Sim, estou cansada. Situações importunas que se repetem quase todos os dias, cansam. Estou cansada de ter que conviver com o machismo nosso de cada dia e não poder nem revidar, sem ser tachada de "feministinha" ou "revoltadinha". E a liberdade de expressão? Onde fica? Eu quero poder expressar a minha opinião e a minha visão, sem ser rotulada, e se pra isso eu precisar escrever, então é o que farei!
Todo santo dia eu escuto no trabalho, frases, sentenças, textos machistas... e todos riem como se aquilo não incomodasse ninguém e como se fosse a coisa mais natural do mundo. Só que não! Porque não é natural, foi algo imposto.  E porque eu me incomodo, eu me importo!
Outro dia eu ouvi: - Seu cabelo é tão bonito, por que você não deixa crescer? Seria bem mais feminino!
Aí eu dou um sorriso amarelo e sou gentil, dizendo que eu gosto do meu cabelo assim, e acho que mesmo sendo curto ele é feminino. Mas depois penso que deveria responder: - Pois é, e sua mente é tão pequena... por que você não deixa crescer também? Seria bem mais útil!
E antes que alguém me rotule de recalcada, eu já vou avisar: eu sou sim uma mulher muito feminina, me amo exatamente do jeitinho que sou, mas sou o que sou, por escolha MINHA. Se sou feminina é porque gosto, não porque tenho que ser assim. 
Mas vejo tanta gente se preocupando com o cabelo, com a roupa, com a aparência, que eu fico me perguntando, quando foi que essas pessoas deixaram de raciocinar?

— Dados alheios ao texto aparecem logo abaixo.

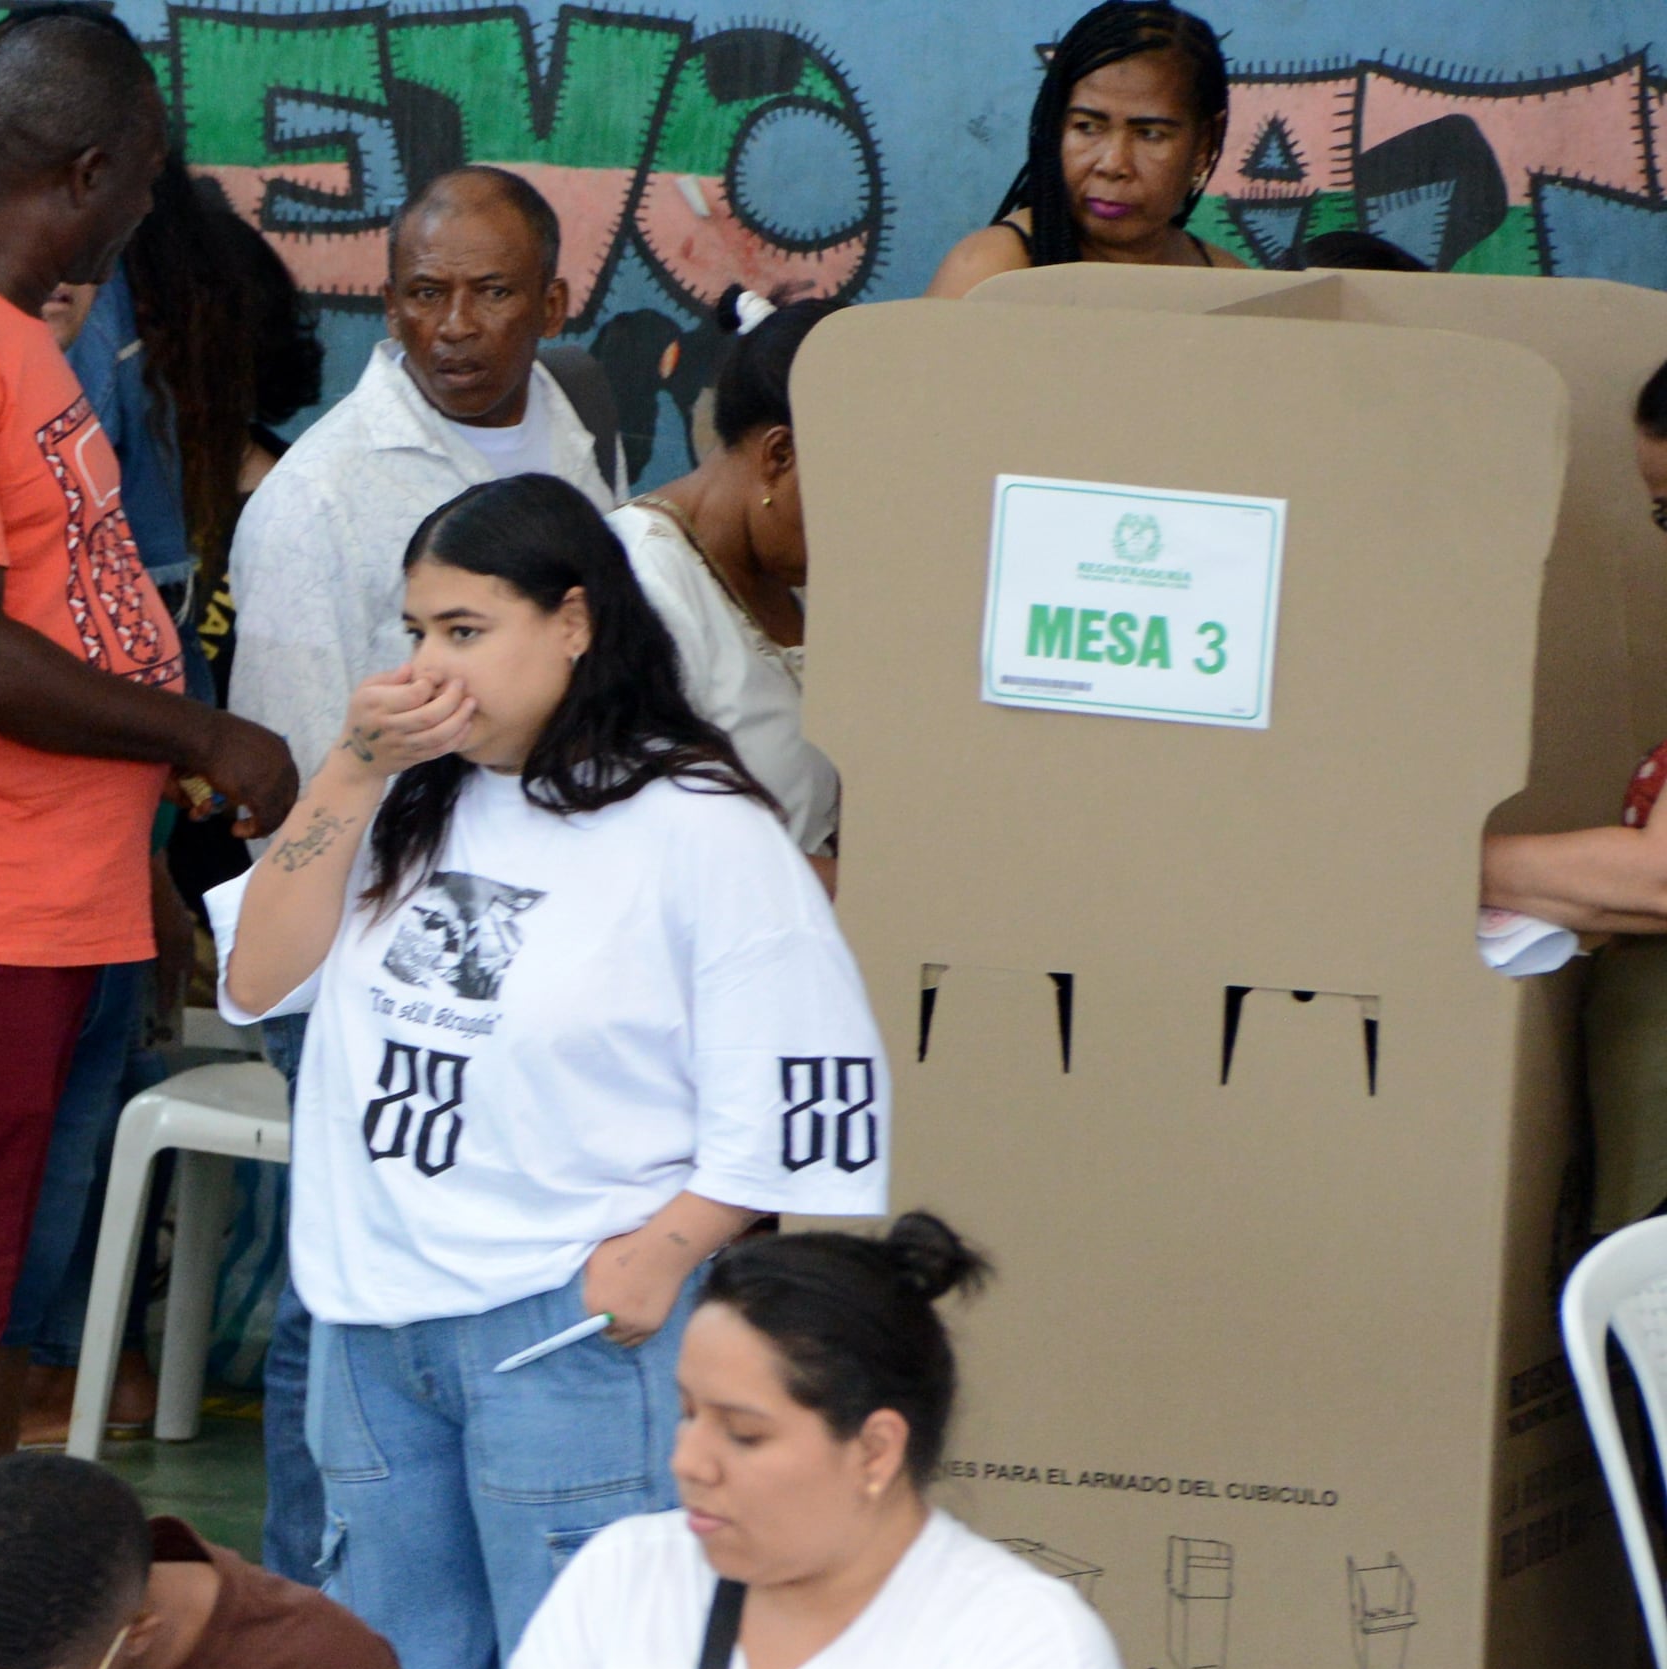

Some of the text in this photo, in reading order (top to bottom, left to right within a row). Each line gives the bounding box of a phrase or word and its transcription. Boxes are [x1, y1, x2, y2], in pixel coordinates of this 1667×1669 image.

[1024, 603, 1228, 675] MESA 3
[986, 1461, 1041, 1484] PARA
[1048, 1467, 1072, 1486] EL
[1078, 1470, 1172, 1494] ARMADO
[1179, 1477, 1219, 1498] DEL

Um outra pérola que ouvi foi: - Esse seu batom é muito vermelho pra usar no trabalho! E eu respondi: Você pode achar, mas vou continuar usando quando eu quiser, então quem convive comigo vai ter que se acostumar. E pasmem, ouvi a frase acima de uma mulher. Sim, infelizmente, tristemente, mulheres são mais machistas que muitos homens. E o que ouvi, foi de uma pessoa que não tem relação de trabalho comigo, então é claro que eu pude responder dessa maneira. Mas agora vamos imaginar como se sente uma mulher que depende de um trabalho pra sobreviver, e que neste local de trabalho, tem que seguir à risca o jeito de se vestir e se maquiar que os seus chefes impõe? Ela nunca poderia dar a mesma resposta! E os direitos fundamentais? Onde ficam?
Sim, o machismo cansa, e cansa muito. Ele está em toda parte, enraizado muitas vezes inconscientemente na postura das pessoas. Mas sabe, ouvir coisas do tipo que descrevi nesse texto, tem seu lado positivo, e muito positivo, porque se as pessoas falam, o machismo vem à tona, ele sai dos corredores secretos, ele deixa de ser o assunto que se cochicha, ele mostra sua cara... e assim, podemos olhá-lo de frente e temos a oportunidade de combatê-lo!